All this is very much related to my speculations and that time is infinite. Time must be of a theological scale.
The process can only be observed as a bystander, an outsider, it is quite boring frankly and the trajectory has to be deterministic in the true sense. It is like a flash the total, the whole exists the path exists as an instant, as once, a lightning bolt, and cannot be influenced neither in the past nor future.
History of an evolution
At time zero the trajectory is itself and proceeds from there and in principle the entire history is known and it can be calculated.
As I see it a divine being as an external independent agent from the "outside" is the only thing that could stop or change the course of history should it want to. Divine intervention, in the true sense of the word.
The start of time
For a dynamical system time cannot have an origin, "a big bang" an "act of creation".
When the operators are defined for time negative too the trajectory goes back as far as you like so that it has no beginning it all has been forever and will ever be, but for semigroups yes indeed there can be a beginning, a start or point in phase-space where time is zero.
At this point we run into other difficulties.

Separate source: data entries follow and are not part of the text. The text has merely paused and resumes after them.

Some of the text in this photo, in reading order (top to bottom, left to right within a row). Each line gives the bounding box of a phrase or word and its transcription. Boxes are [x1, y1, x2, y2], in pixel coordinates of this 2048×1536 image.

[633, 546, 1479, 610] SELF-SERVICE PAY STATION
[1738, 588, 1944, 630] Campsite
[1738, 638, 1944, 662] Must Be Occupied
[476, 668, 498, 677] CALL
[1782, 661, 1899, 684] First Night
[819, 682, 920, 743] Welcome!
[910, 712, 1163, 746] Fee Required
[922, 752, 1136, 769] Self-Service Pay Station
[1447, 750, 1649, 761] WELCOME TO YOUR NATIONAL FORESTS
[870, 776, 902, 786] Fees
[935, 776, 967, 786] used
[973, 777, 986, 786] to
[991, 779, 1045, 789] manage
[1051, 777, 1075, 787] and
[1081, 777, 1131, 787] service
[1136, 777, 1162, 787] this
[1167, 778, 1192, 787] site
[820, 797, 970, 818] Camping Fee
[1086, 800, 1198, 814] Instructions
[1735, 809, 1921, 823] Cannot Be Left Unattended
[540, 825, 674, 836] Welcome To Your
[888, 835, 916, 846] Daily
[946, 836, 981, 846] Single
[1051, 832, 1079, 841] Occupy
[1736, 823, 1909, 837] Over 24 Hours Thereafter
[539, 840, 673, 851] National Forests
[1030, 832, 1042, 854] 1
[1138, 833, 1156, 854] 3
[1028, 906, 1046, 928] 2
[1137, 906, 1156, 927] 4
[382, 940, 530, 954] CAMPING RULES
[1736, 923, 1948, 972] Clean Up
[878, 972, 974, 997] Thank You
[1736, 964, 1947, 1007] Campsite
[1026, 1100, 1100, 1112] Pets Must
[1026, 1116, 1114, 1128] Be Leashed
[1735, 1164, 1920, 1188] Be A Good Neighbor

There are considerations of perturbations as a significant practical problem as well as entropy, measures of disorder.
These matters are studied amongst others in ergodic theory, measure conserving transformations.
A dynamical system is thus a special kind of semigroup of operators on a vector space
For these things to work out we need to have enormous time intervals however time can be conceived itself to be much longer, infinite, eternity. These are very fundamental issues in philosophy involving the existence of a beginning of time as well as the question of determinism.
Research and the public
Popular imagination finds the ideas very appealing and while the proofs can be hard and often require specialised knowledge, many of the actual results in themselves are not hard to understand.
More relatively recent theoretical investigations are of chaos, fractals, perturbations and noise, there are also others including stochastic processes in general.
The research involves a broad background, measure theory, topology and abstract analysis as well as some familiarity of partial differential equations in exact sciences and many applications including in probability theory and mathematical statistics.
The ideas and findings contribute to almost every branch of science.
There is still much research to be done it doesn't look like we are to run out of questions. This new exploration seeming in differing studies contribute many exciting discoveries to 20th and 21st century mathematics. Studies are very much driven by applications and by necessity.